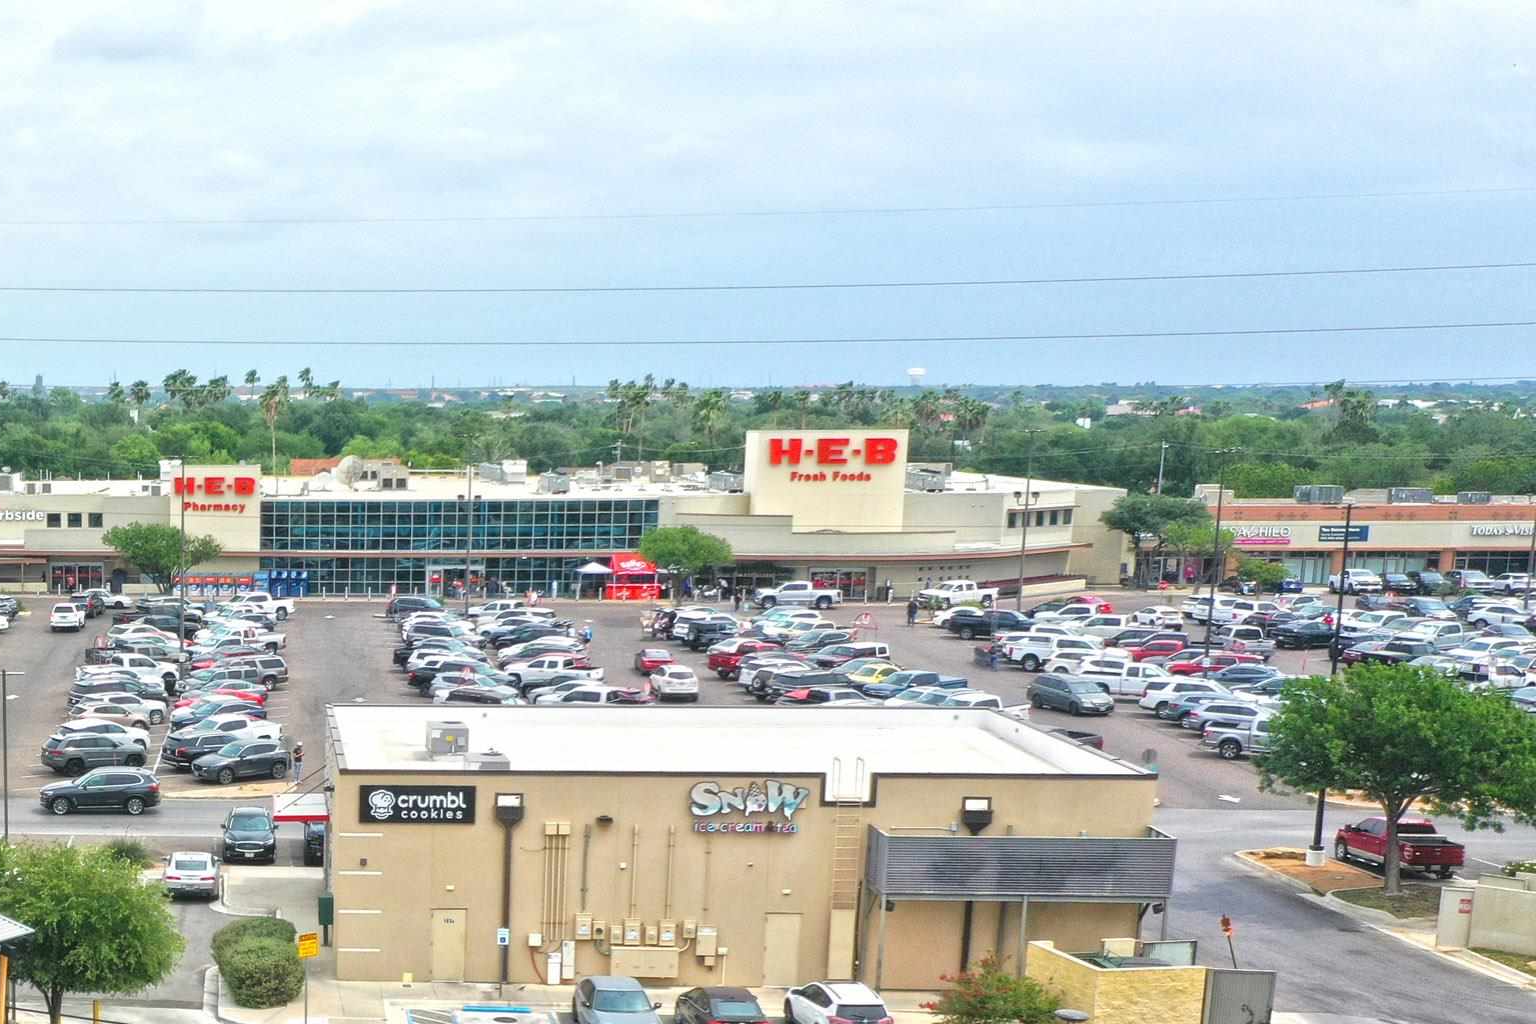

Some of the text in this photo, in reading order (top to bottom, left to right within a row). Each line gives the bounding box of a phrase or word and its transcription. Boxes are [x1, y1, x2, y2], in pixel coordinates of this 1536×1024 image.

[769, 438, 898, 465] H-E-B
[790, 472, 872, 482] Fresh Foods
[174, 477, 256, 496] H-E-B
[183, 502, 246, 513] Pharmacy
[397, 791, 467, 808] crumbl
[401, 809, 464, 819] cookies
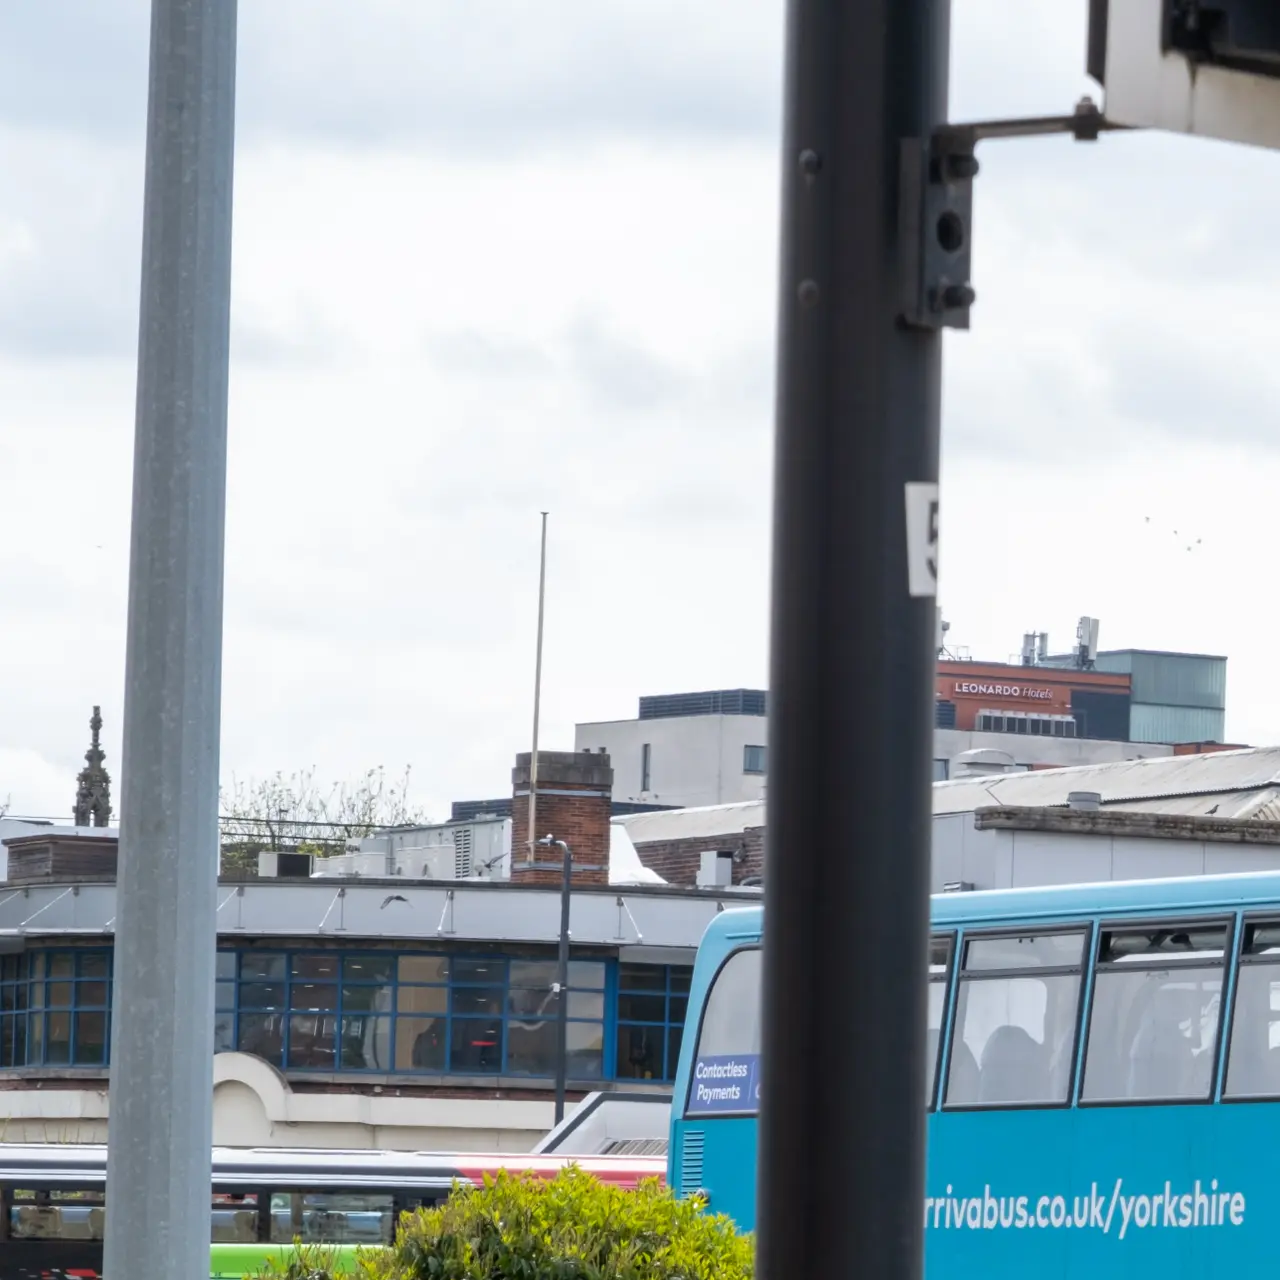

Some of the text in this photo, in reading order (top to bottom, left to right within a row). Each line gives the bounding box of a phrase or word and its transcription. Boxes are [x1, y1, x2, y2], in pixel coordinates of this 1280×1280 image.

[955, 683, 1053, 699] LEONARDO Hotels
[696, 1061, 748, 1079] Contactless
[697, 1084, 741, 1105] Payments
[924, 1178, 1245, 1240] rrivabus.co.uk/yorkshire
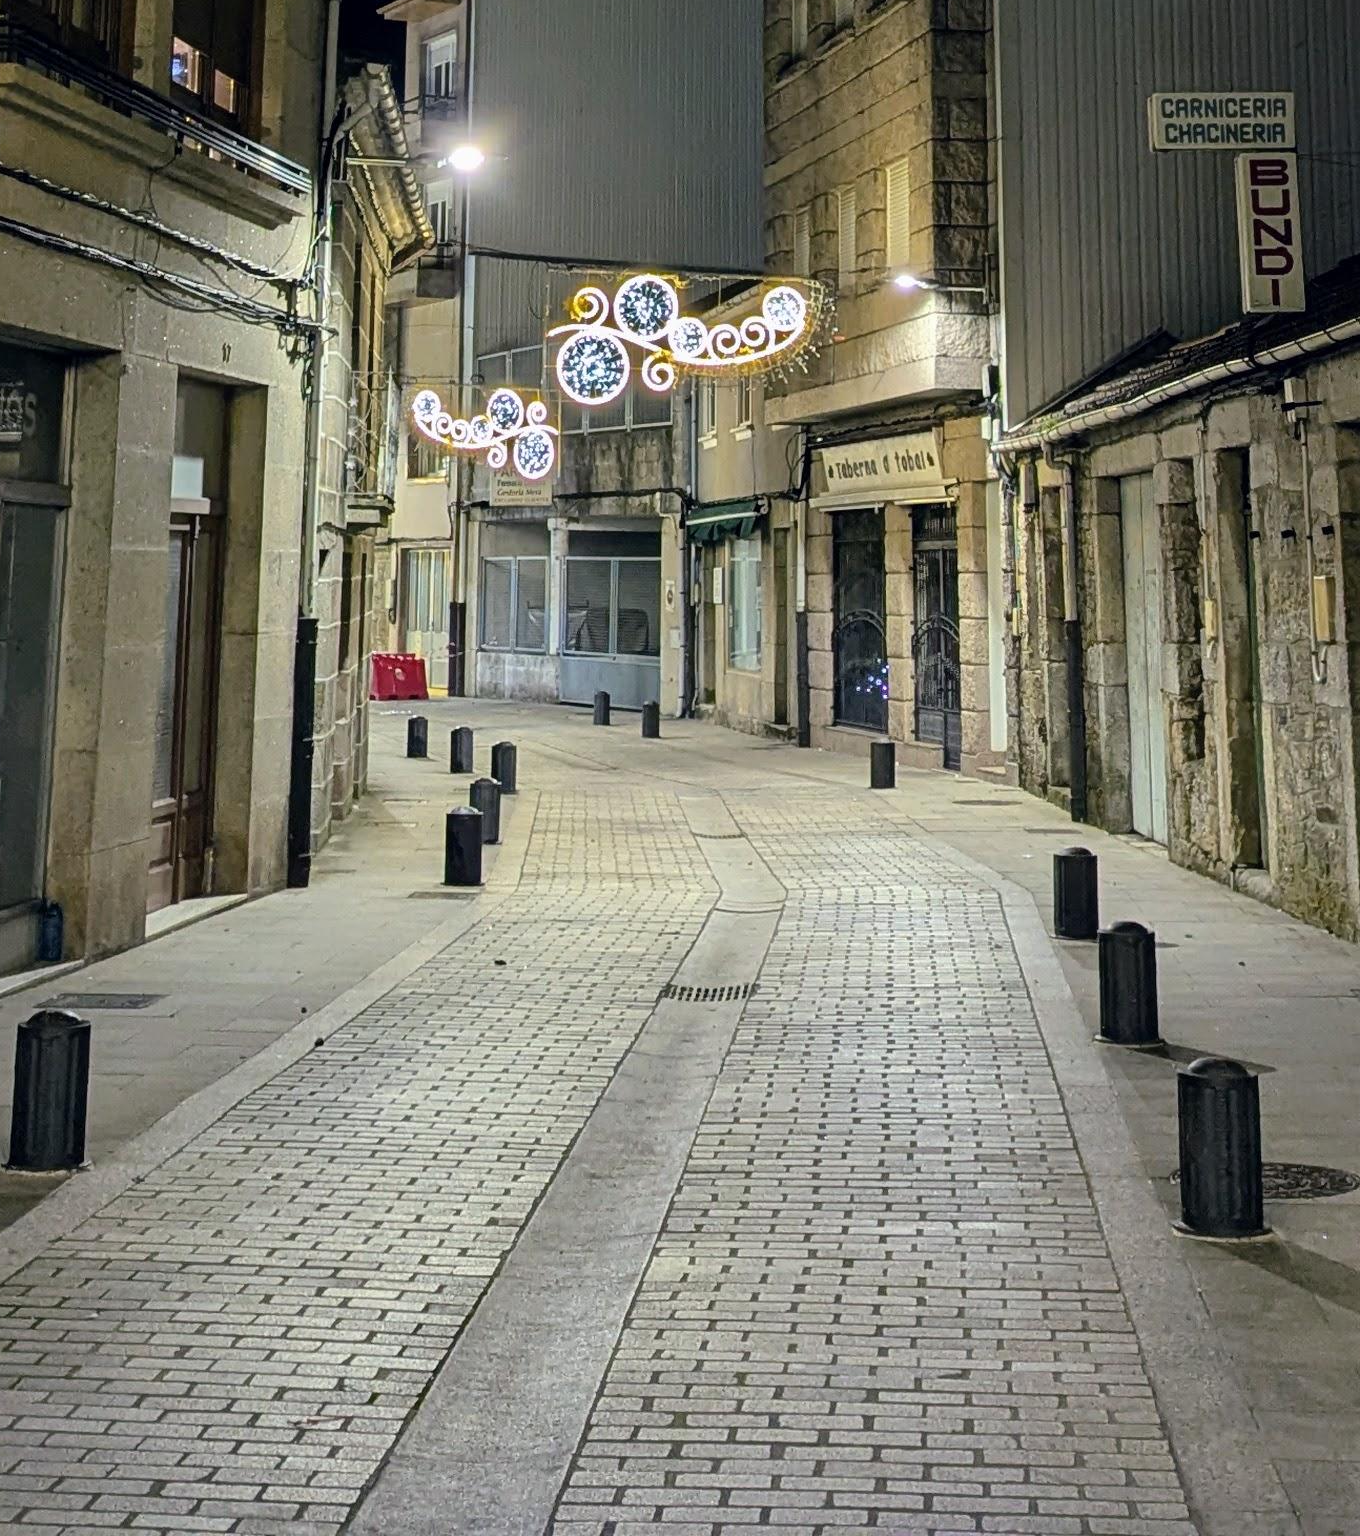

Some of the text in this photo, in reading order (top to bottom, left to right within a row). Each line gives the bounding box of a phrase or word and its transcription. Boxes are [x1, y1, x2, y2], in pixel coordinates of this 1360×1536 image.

ASSIGNMENT: All of the material above should be set down again exactly, though not its pictures.

TASK OUTPUT:
Some of the text in this photo, in reading order (top to bottom, left to right within a row). Each line gives the bounding box of a phrase or word and its transcription. Boxes are [x1, y1, x2, y2], in pixel coordinates of this 1536×1024 image.

[769, 438, 898, 465] H-E-B
[790, 472, 872, 482] Fresh Foods
[174, 477, 256, 496] H-E-B
[183, 502, 246, 513] Pharmacy
[397, 791, 467, 808] crumbl
[401, 809, 464, 819] cookies

Some of the text in this photo, in reading order (top to bottom, left to right within a row). Each line gives the bounding box of a phrase or word and its transcription. Boxes are [x1, y1, x2, y2], in pixel coordinates of this 1280×1280 image.

[955, 683, 1053, 699] LEONARDO Hotels
[696, 1061, 748, 1079] Contactless
[697, 1084, 741, 1105] Payments
[924, 1178, 1245, 1240] rrivabus.co.uk/yorkshire

Some of the text in this photo, in reading order (top to bottom, left to right within a row). Each line gives the bounding box of a phrase or word and its transcription. Boxes are [x1, y1, x2, y2], in pixel coordinates of this 1360×1536 image.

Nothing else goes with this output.